- _Requirement_
For this exercise, return all the data word for word, with images left out.

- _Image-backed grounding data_
<<<<
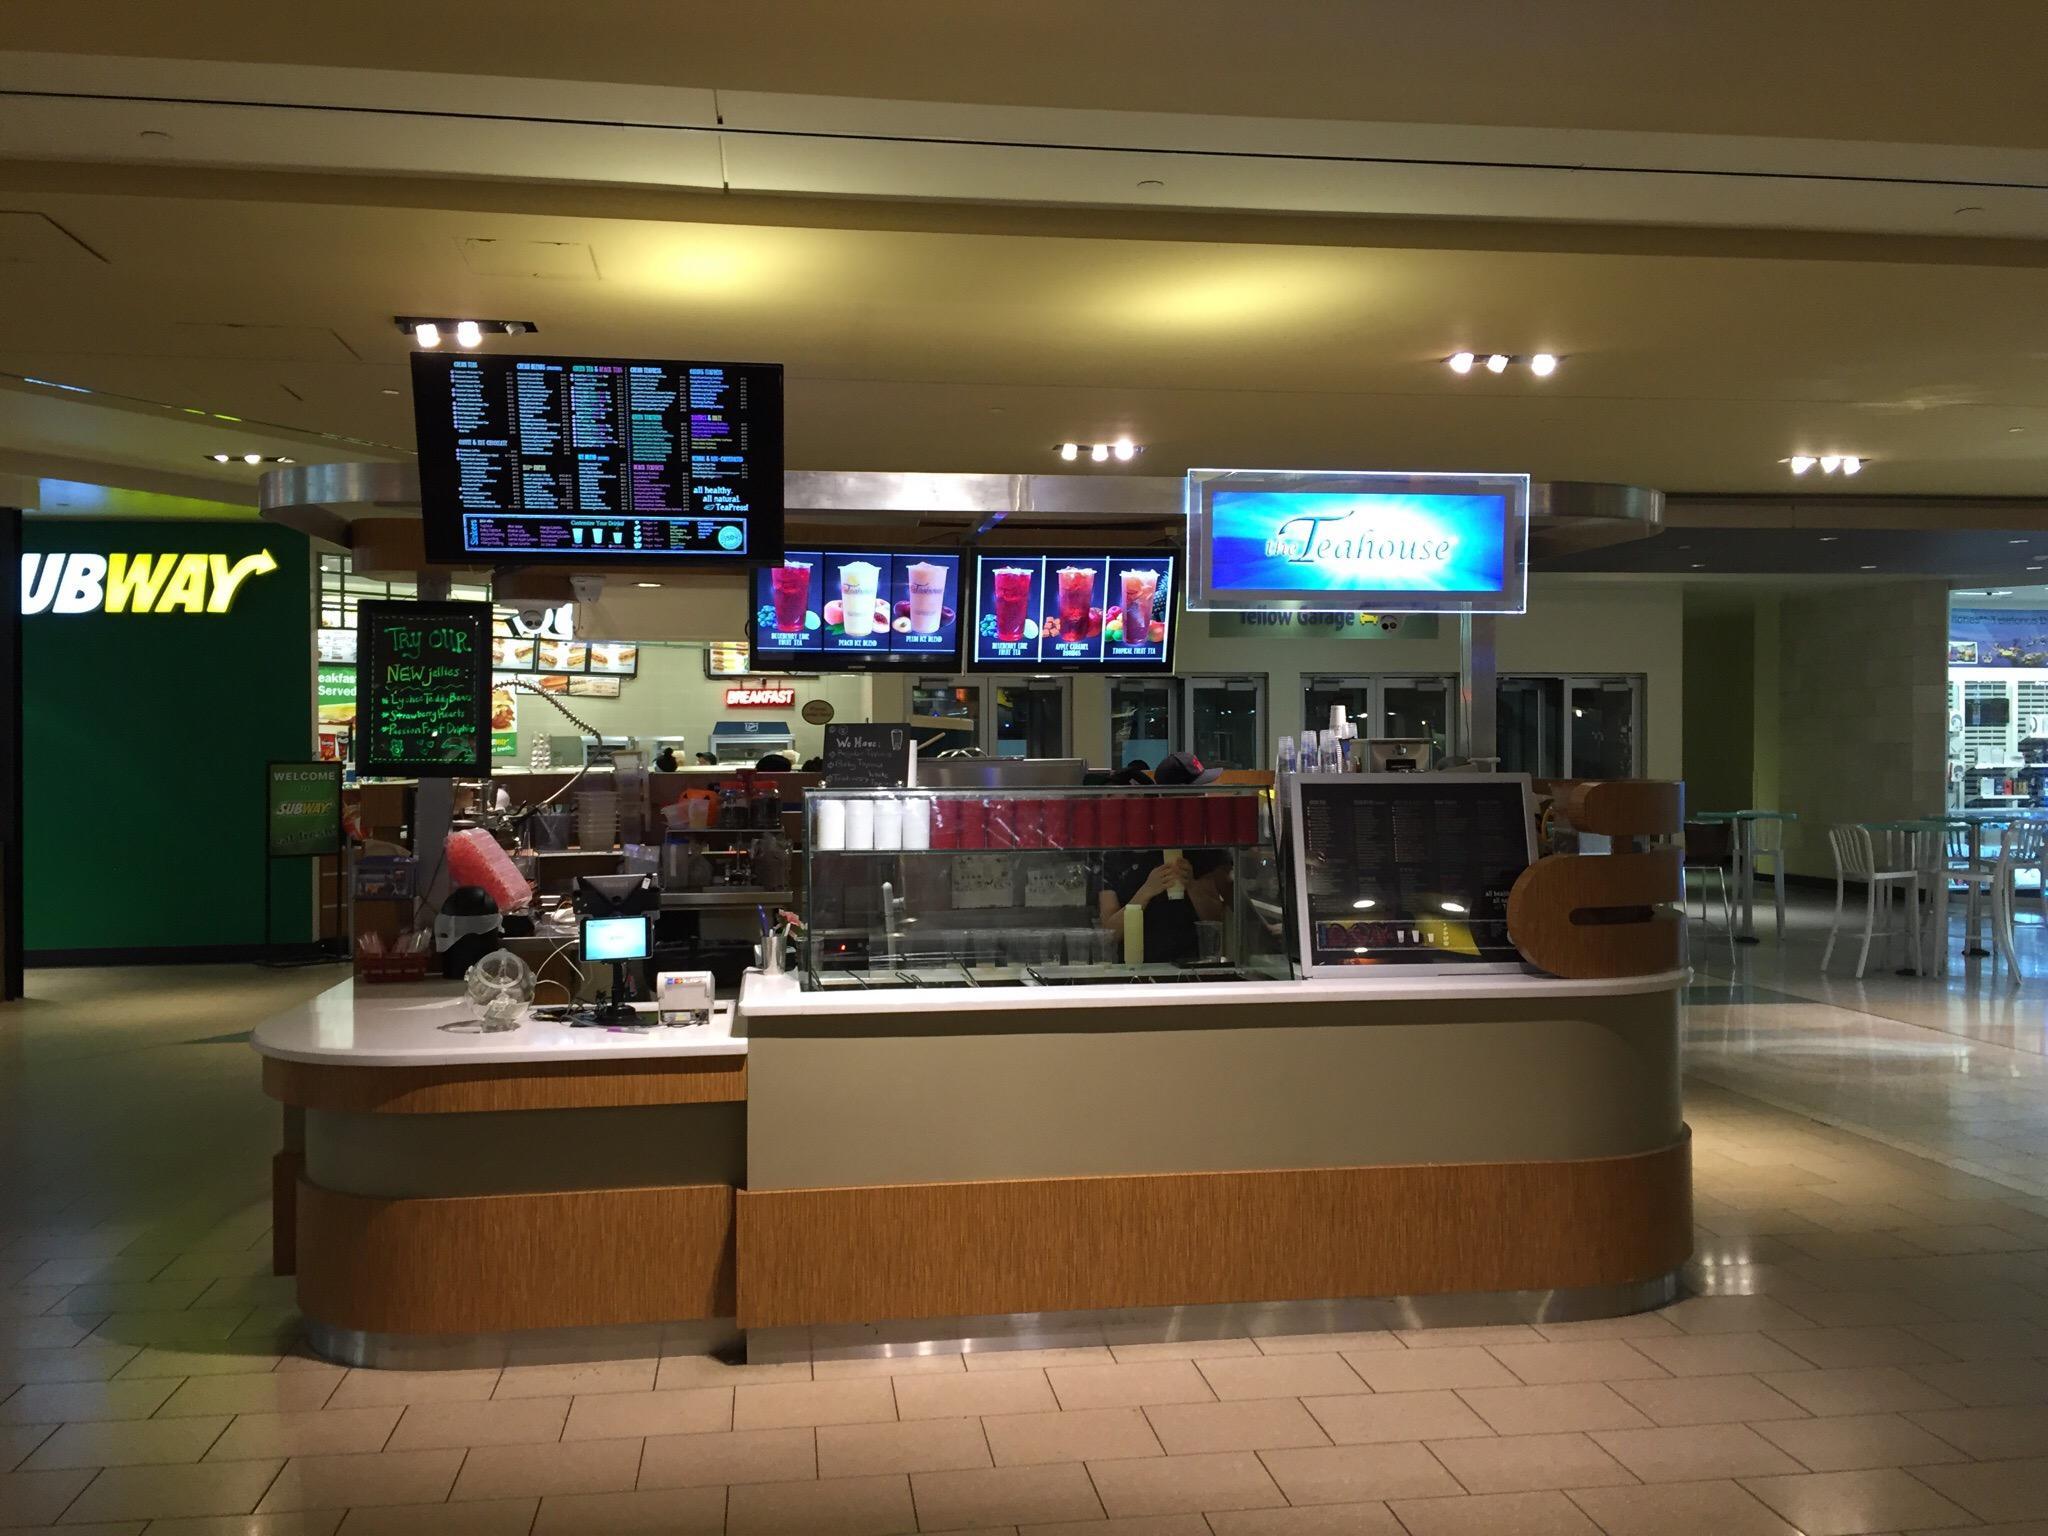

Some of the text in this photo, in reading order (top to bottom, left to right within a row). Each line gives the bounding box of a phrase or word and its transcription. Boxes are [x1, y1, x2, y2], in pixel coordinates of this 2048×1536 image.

[693, 486, 733, 496] all healthy.
[703, 495, 712, 503] all
[1278, 510, 1450, 563] Teahouse
[386, 663, 425, 684] NEW
[318, 685, 357, 697] Served
[727, 690, 794, 705] BREAKFAST
[836, 736, 851, 748] We
[273, 771, 336, 781] WELCOME
[276, 801, 335, 816] SUBWAY
>>>>
- _Result of the task_
Some of the text in this photo, in reading order (top to bottom, left to right within a row). Each line gives the bounding box of a phrase or word and its transcription. Boxes are [x1, y1, x2, y2], in pixel coordinates of this 2048×1536 image.

[693, 486, 733, 496] all healthy.
[703, 495, 712, 503] all
[1278, 510, 1450, 563] Teahouse
[386, 663, 425, 684] NEW
[318, 685, 357, 697] Served
[727, 690, 794, 705] BREAKFAST
[836, 736, 851, 748] We
[273, 771, 336, 781] WELCOME
[276, 801, 335, 816] SUBWAY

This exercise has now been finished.